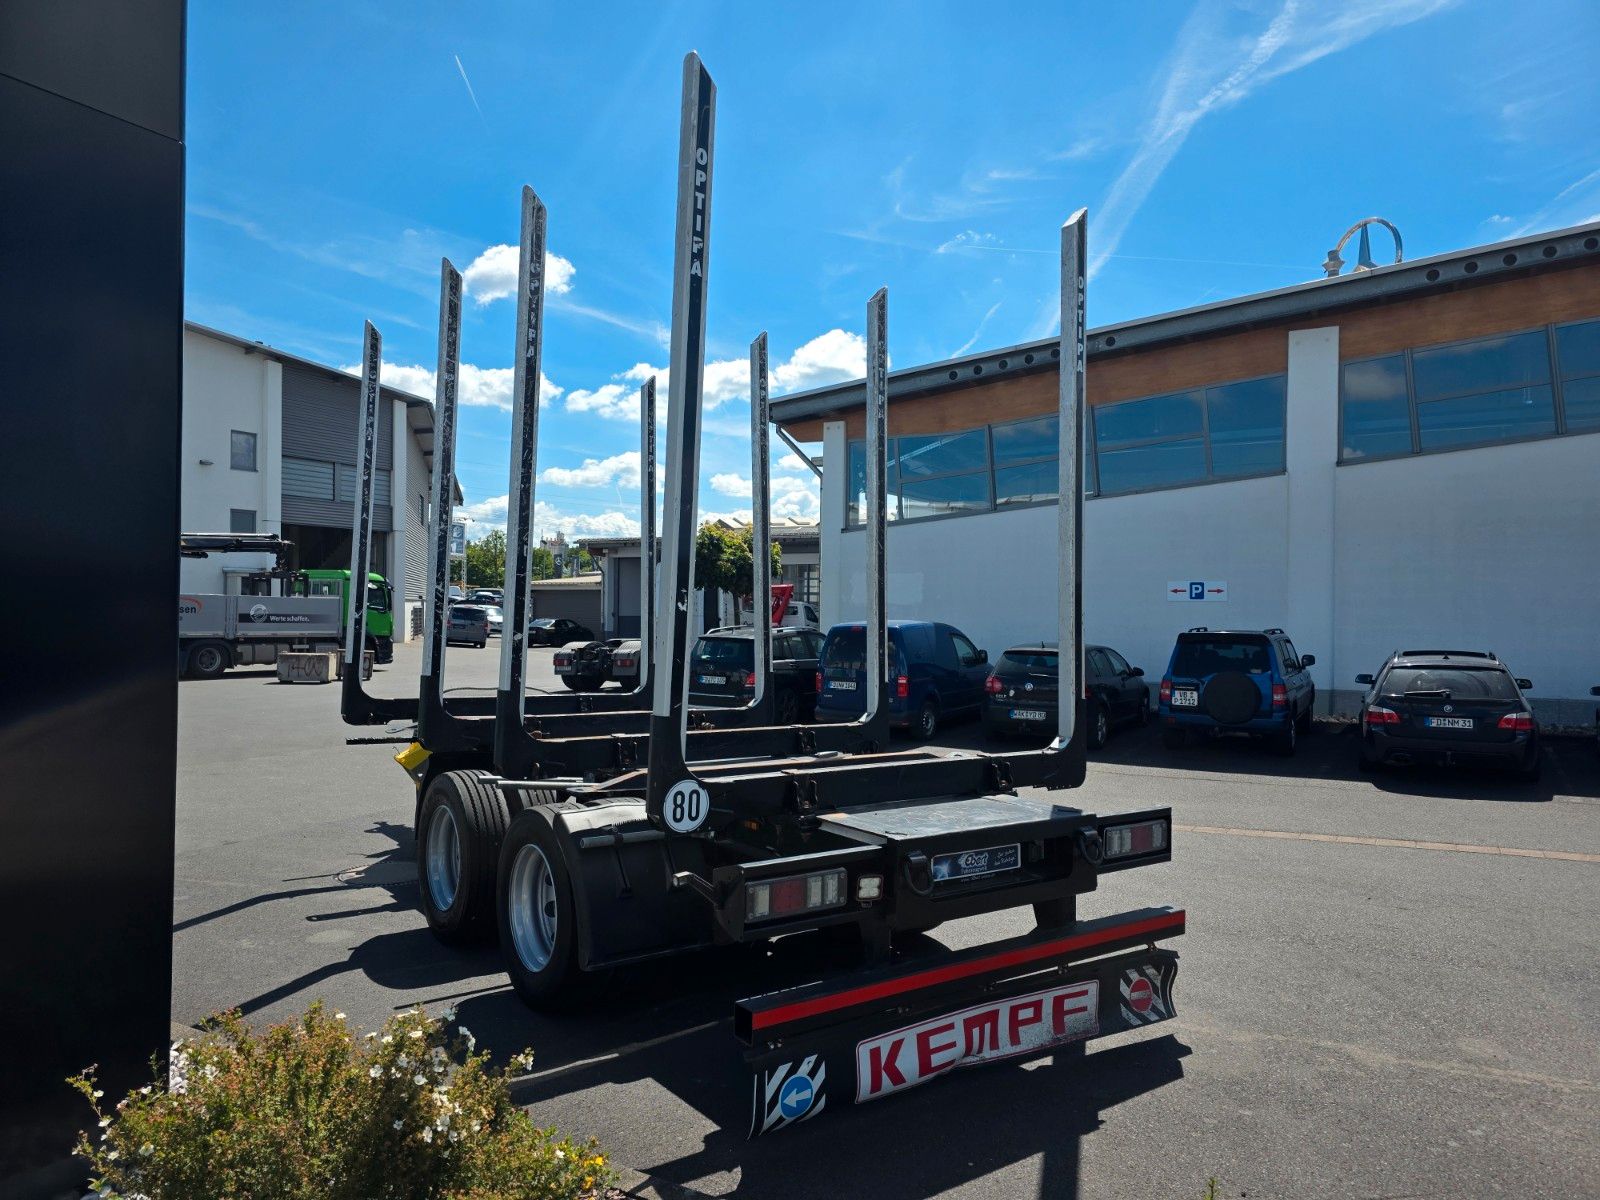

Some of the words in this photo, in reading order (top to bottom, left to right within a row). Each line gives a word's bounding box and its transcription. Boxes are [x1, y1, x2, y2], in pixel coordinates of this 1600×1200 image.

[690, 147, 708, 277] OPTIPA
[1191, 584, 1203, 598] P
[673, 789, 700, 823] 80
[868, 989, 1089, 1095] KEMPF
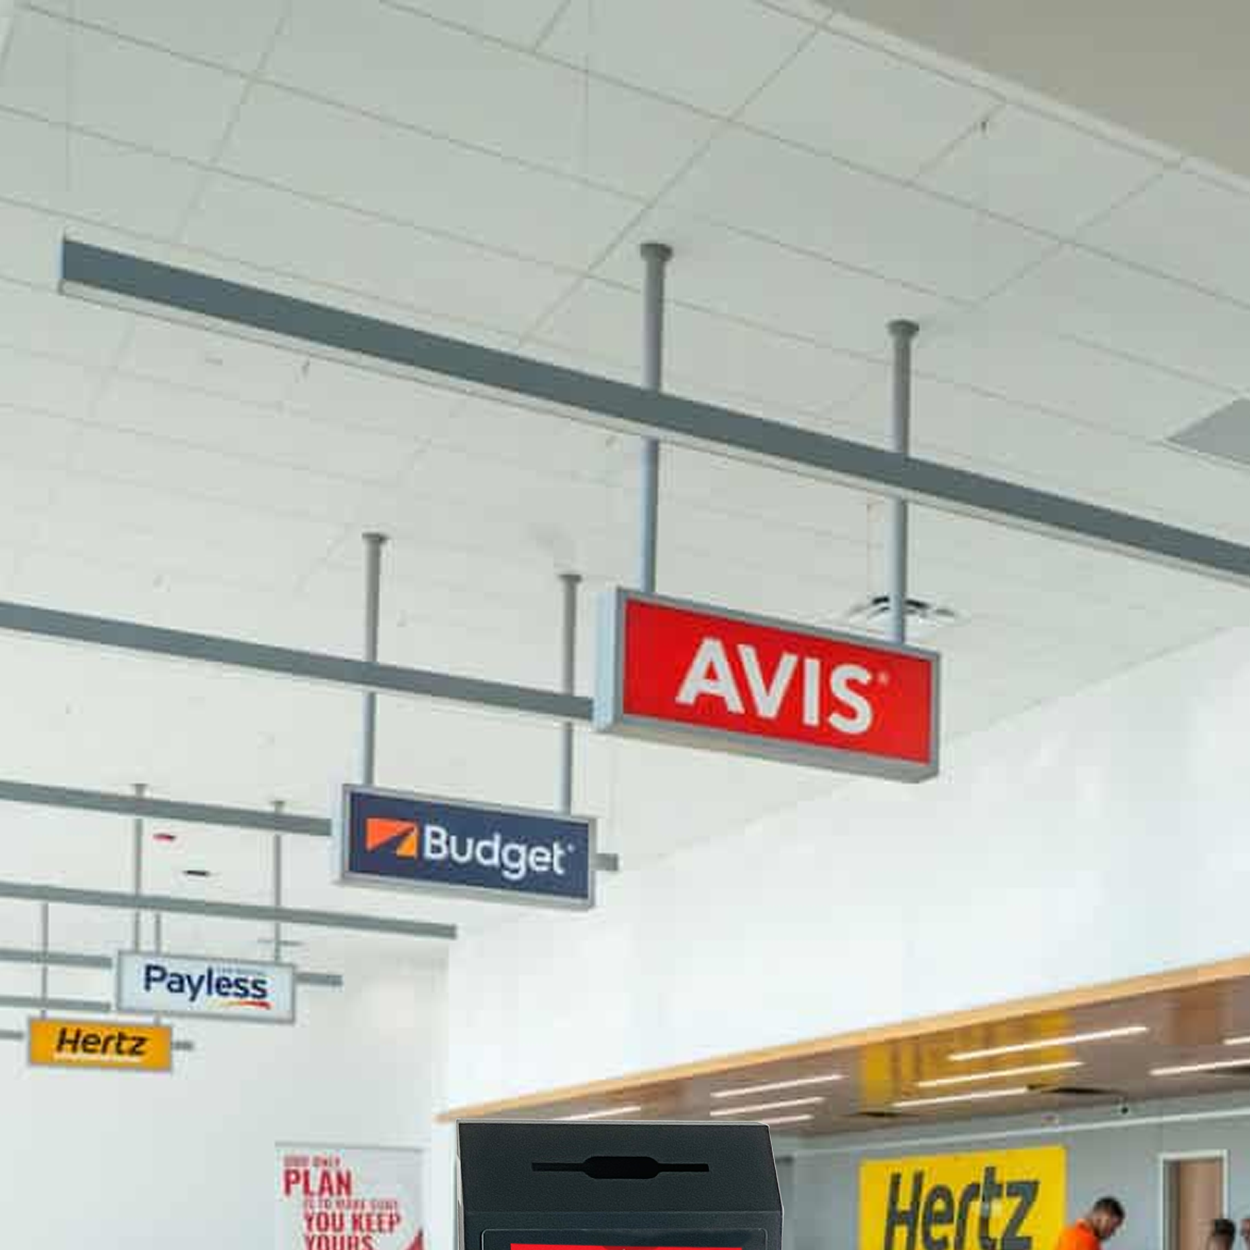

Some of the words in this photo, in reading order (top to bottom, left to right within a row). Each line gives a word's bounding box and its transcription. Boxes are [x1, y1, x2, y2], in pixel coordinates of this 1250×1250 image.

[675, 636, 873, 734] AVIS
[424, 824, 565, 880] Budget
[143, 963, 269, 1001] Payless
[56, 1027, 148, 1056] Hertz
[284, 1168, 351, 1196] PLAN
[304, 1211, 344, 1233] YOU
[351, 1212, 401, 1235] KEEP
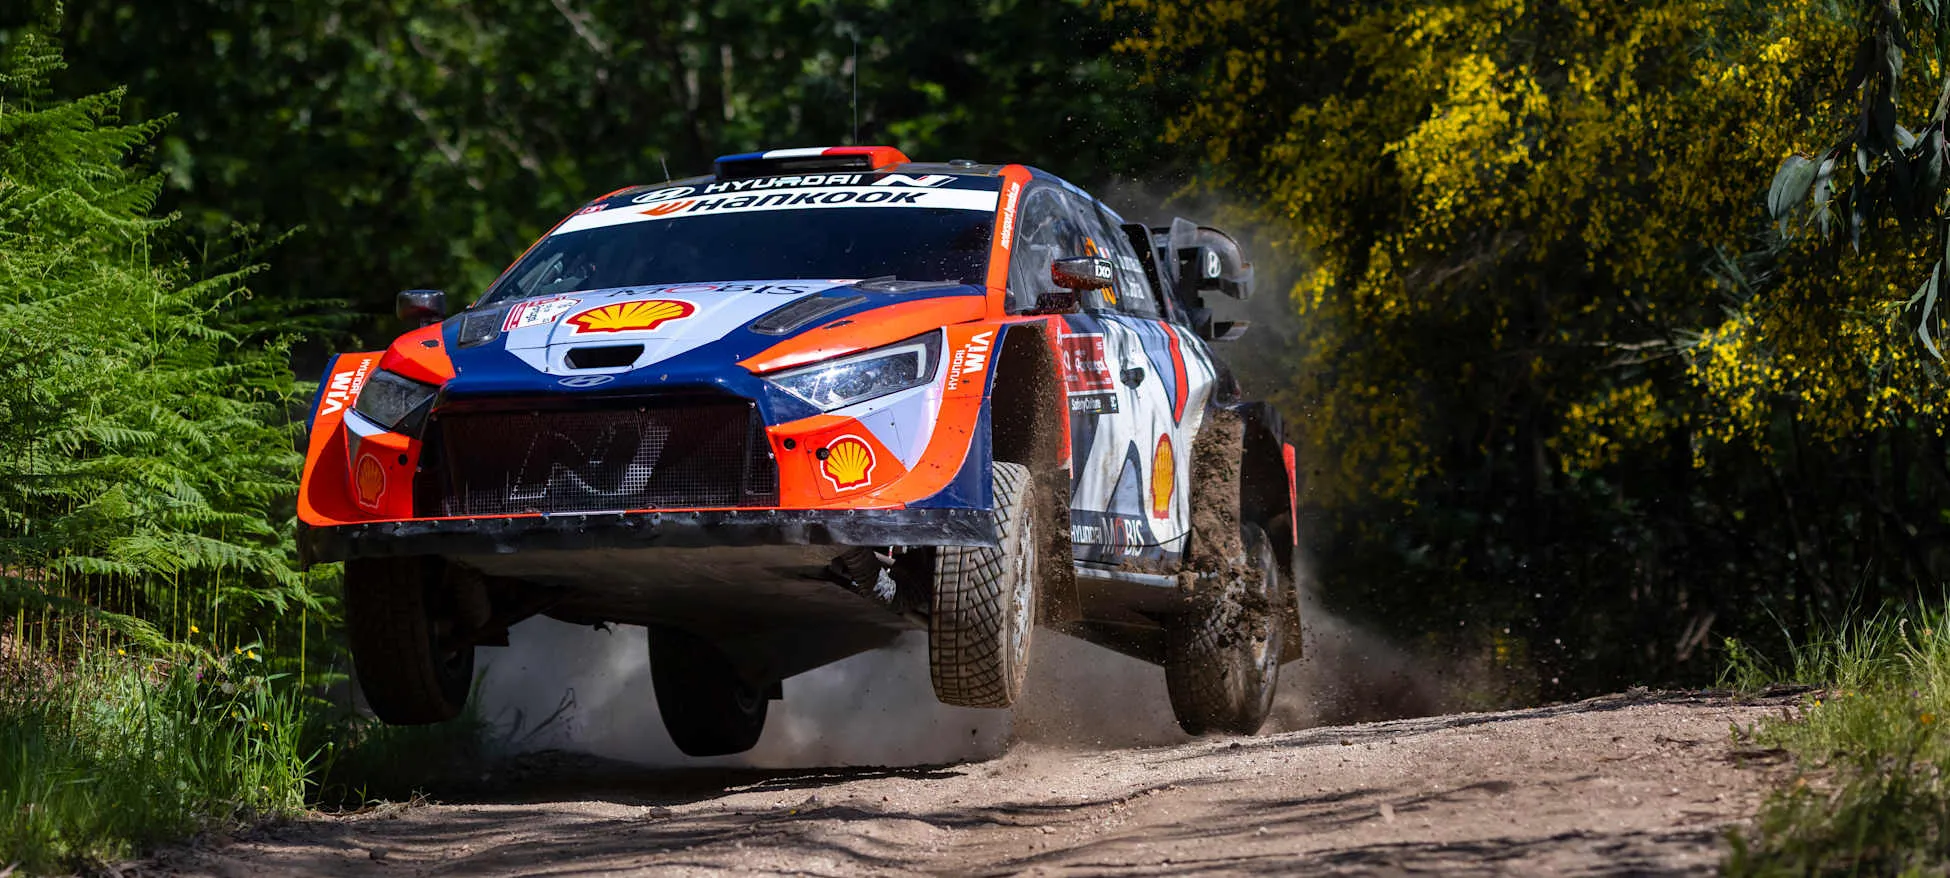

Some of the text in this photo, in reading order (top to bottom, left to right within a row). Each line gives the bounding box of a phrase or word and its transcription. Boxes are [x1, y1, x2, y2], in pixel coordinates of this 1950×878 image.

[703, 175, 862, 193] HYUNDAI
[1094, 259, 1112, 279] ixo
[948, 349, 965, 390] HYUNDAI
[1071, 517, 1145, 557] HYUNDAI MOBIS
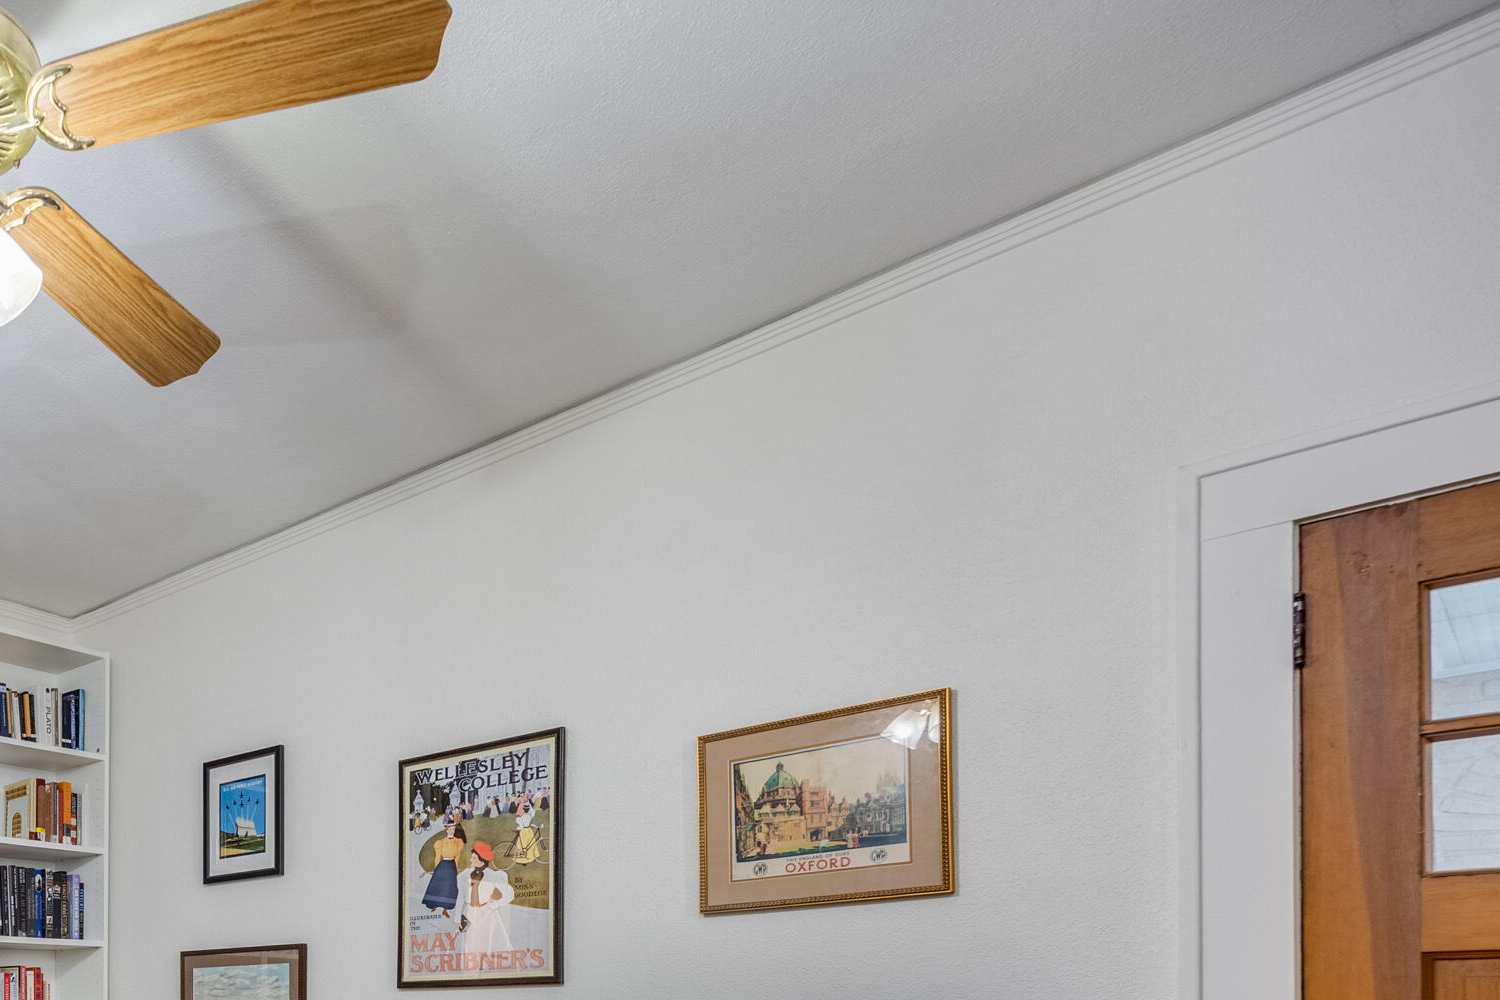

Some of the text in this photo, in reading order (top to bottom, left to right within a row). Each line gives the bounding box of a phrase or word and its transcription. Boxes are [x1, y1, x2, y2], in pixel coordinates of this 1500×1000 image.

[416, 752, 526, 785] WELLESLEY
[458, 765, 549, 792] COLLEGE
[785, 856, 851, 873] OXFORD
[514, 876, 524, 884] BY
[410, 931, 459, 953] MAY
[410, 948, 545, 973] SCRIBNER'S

THE PROBLEM:
Exactly the lines from the one that contains "this 1950×878 image." through the last line of the records should be set down, and the pictures should be dropped.

TASK OUTPUT:
Some of the text in this photo, in reading order (top to bottom, left to right within a row). Each line gives the bounding box of a phrase or word and its transcription. Boxes are [x1, y1, x2, y2], in pixel coordinates of this 1950×878 image.

[703, 175, 862, 193] HYUNDAI
[1094, 259, 1112, 279] ixo
[948, 349, 965, 390] HYUNDAI
[1071, 517, 1145, 557] HYUNDAI MOBIS

Some of the text in this photo, in reading order (top to bottom, left to right within a row). Each line gives the bounding box of a phrase or word and its transcription. Boxes are [x1, y1, x2, y2], in pixel coordinates of this 1500×1000 image.

[416, 752, 526, 785] WELLESLEY
[458, 765, 549, 792] COLLEGE
[785, 856, 851, 873] OXFORD
[514, 876, 524, 884] BY
[410, 931, 459, 953] MAY
[410, 948, 545, 973] SCRIBNER'S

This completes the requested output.